Harris Teel, Always a Fighter, in His Biggest Battle

by admin | November 28, 2013 11:03 am

I last talked to my father-in-law on Sunday. Friends had bought a swing set and playscape that had for years sat in his Gilmer backyard. Our daughter Abbie had long outgrown its use. I was meeting them there to help load it.

“How are you doing, Mr. Teel,” I asked. I have always called him that, out of respect for the patriarch of this clan.

“Fine as froghair,” he said, as always.

Two days later, he was in Good Shepherd Medical Center’s operating room, the victim of a random stabbing attack in a waiting room at the hospital’s day-surgery center. He was there waiting to take his son home after a procedure.

You can read about what happened that awful morning elsewhere. It has been reported in detail. Instead, I want to tell you about Harris K. Teel, who still fights hard for his life on this Thanksgiving morning as I write this — 48 hours after he was stabbed in the heart.

Papa Teel — as most his family calls him and I do as well, just not to his face — is rarely seen without a toothpick in his mouth or a worn ballcap on his head.  He wears overalls every day unless his children order him to dress up for a special occasion. Then he changes into a fresh pair of denims. Papa Teel doesn’t say much but loves to listen to family members tell stories. Occasionally he can be persuaded to chime in with details. Some involve wrestling a 60-pound Opelousa catfish into a flat-bottom boat while running trotlines on Wright Patman Lake near Texarkana. At 82 he still runs those lines.

One time a few years back his brother Brad fell off the roof while helping Papa Teel fix the roof of his trailer up at the farm, taking the ladder with him. Harris kept yelling down at Brad, “Hey, Brad, you all right?” over and over. After about five minutes — which Papa Teel said felt like a week — Brad stirred and sat up. Harris commenced to yelling at him to put the damn ladder back up so he could get off the roof — and to be quick about it.

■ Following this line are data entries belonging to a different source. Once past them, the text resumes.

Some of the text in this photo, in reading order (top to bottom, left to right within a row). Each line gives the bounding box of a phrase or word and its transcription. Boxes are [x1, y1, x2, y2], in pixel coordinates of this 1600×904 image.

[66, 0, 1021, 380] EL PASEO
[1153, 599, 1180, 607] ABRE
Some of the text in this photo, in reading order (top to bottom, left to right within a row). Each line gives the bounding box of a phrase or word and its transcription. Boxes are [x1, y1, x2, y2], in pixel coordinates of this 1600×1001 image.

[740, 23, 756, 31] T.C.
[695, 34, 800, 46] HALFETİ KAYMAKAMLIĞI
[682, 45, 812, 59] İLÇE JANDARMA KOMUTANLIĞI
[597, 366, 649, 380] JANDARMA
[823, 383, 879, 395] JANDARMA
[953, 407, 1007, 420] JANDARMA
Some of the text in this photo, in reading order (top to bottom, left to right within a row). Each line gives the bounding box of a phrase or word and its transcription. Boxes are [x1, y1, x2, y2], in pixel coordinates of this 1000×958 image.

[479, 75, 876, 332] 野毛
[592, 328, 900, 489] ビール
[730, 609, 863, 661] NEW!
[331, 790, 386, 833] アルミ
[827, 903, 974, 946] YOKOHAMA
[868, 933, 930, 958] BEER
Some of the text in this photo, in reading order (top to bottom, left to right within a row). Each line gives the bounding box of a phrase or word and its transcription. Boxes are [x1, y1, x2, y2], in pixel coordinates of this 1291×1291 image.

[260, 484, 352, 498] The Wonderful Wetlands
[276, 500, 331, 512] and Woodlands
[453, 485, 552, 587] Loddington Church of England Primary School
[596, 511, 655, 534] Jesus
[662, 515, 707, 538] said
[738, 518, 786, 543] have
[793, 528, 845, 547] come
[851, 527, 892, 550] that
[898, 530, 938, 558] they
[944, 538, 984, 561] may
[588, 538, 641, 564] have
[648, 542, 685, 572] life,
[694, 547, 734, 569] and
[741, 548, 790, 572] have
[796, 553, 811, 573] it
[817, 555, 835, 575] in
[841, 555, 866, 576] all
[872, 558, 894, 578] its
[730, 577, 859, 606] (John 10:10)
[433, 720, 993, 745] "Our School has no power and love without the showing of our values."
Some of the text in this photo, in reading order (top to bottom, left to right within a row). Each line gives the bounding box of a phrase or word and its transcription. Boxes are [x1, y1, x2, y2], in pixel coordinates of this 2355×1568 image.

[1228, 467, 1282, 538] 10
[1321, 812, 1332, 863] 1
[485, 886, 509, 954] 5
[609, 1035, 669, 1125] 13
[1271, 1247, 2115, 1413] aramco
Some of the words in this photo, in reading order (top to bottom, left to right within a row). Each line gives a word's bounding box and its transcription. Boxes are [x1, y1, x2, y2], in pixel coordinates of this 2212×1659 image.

Brad died early last year at 86, ending a unique and often fractious relationship. We called them the East Texas version of the Secondhand Lions. Together the two raised the most luscious vegetables one could find — tomatoes, cantaloupe, peppers, corn, and purple hull peas. A pot of those peas are simmering on the stove now for our come-and-go from the hospital vigil Thanksgiving dinner repast later. Papa Teel quit gardening after that. He lost his taste for it without his brother Brad.

Papa Teel grew up in Atlanta (the East Texas version) and was a star high school football athlete for the Jackrabbits. Story goes, he received a scholarship to play football for LSU and took the train down to Baton Rouge, walked around campus, got back on the train and came back. That place was just too big for him, he later said.

You can set a clock by when that man is going to take his meals. Breakfast comes early, soon as he awakes. Lunch is at 10 a.m. usually and dinner is at 4 in the afternoon. He is an excellent cook of the simple Southern cuisine. The best fried chicken I have ever put in my mouth came out of his skillet. He taught me how to deep-fry the filleted catfish in which he keeps the entire clan stocked.

There is nothing Papa Teel enjoys more than being with his family, but when he is ready to head home there is no stopping him.  Like most people up in their years, he has a routine. We all have come to understand that. But there isn’t anything he wouldn’t do for any of his family. That is why he was in that waiting room, after all, helping out.

We have been overwhelmed by the prayers of friends, strangers, the staff at Good Shepherd — everyone. The medical care he has received — from the moment after the attack, into the ER where an extraordinary surgeon repaired his heart, and now in intensive care — has been superlative.

For that we all give thanks today as Papa Teel fights to come back from this grievous injury. His outcome is still uncertain. We can only leave this in God’s hands and in the hands of those who now care for him in ICU.